Assim, impõe-se a necessidade de orientá-las de forma acurada; de oferecer
acesso às redes de apoio disponíveis; de acionar o serviço social e outros
afins, quando necessário; de apoiar e de estimular espaços de interação entre o
casal, com o objetivo de auxiliar na distribuição dos papéis e demandas da
família e agindo, em especial, no enfrentamento de períodos de dificuldades e
dúvidas, com o objetivo de minimizá-los e até evitá-los.

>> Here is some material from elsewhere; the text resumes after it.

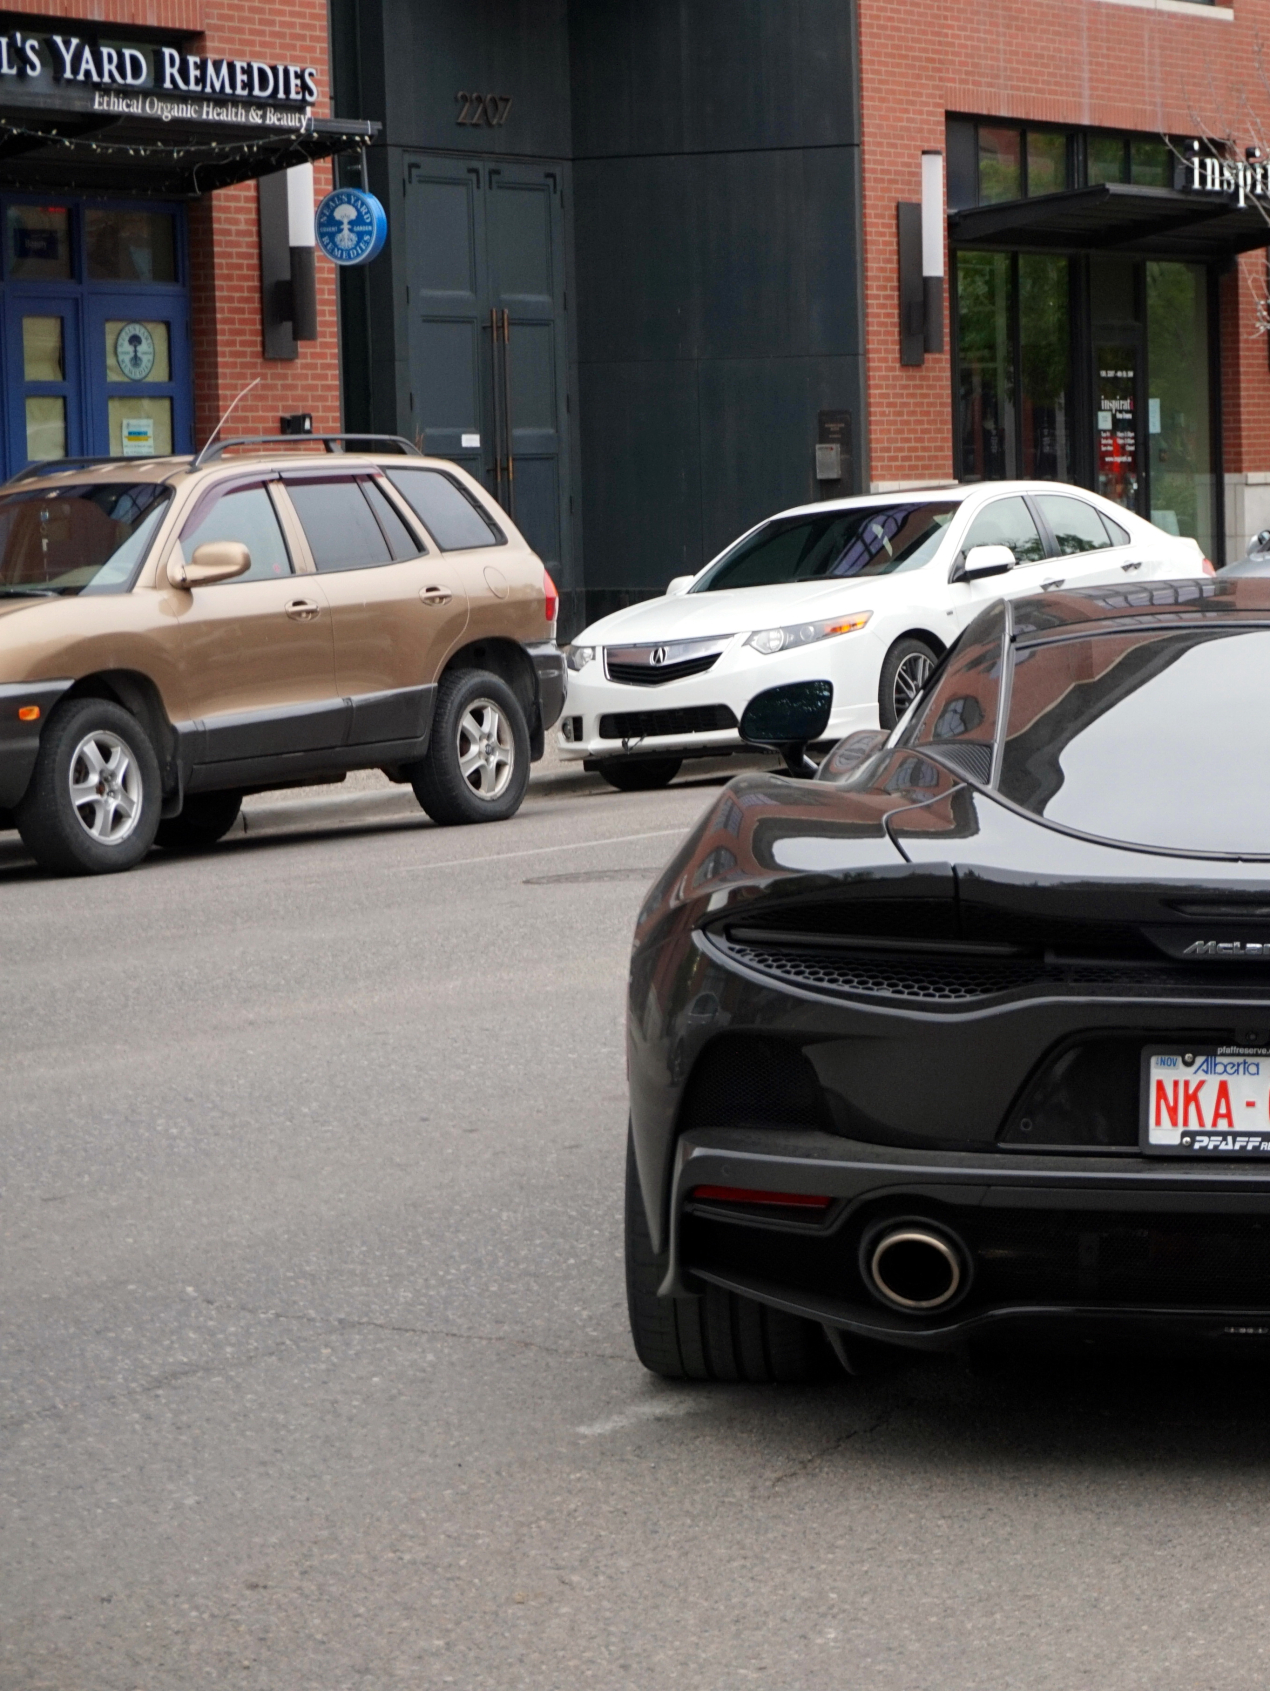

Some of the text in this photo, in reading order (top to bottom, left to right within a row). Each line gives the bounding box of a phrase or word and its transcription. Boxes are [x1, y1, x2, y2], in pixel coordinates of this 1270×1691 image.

A finalização desta pesquisa permitiu, ainda, a identificação de lacunas do
conhecimento nessa área no âmbito da enfermagem brasileira. Impõe-se a
necessidade de maior aproximação dessa população e sugere-se que pesquisas
futuras possam ser desenvolvidas, abordando questões identificadas neste
estudo. Merecem ser explorados: a comunicação entre a família e a equipe de
saúde; a interação dos membros da família, especificamente do casal; as
estratégias de organização da família e redistribuição de papéis por ocasião do
nascimento da criança com SD; o seguimento da criança com SD na família; a
família no manejo de situações de preconceito, e a organização econômica da
família no cotidiano do cuidar da criança com SD.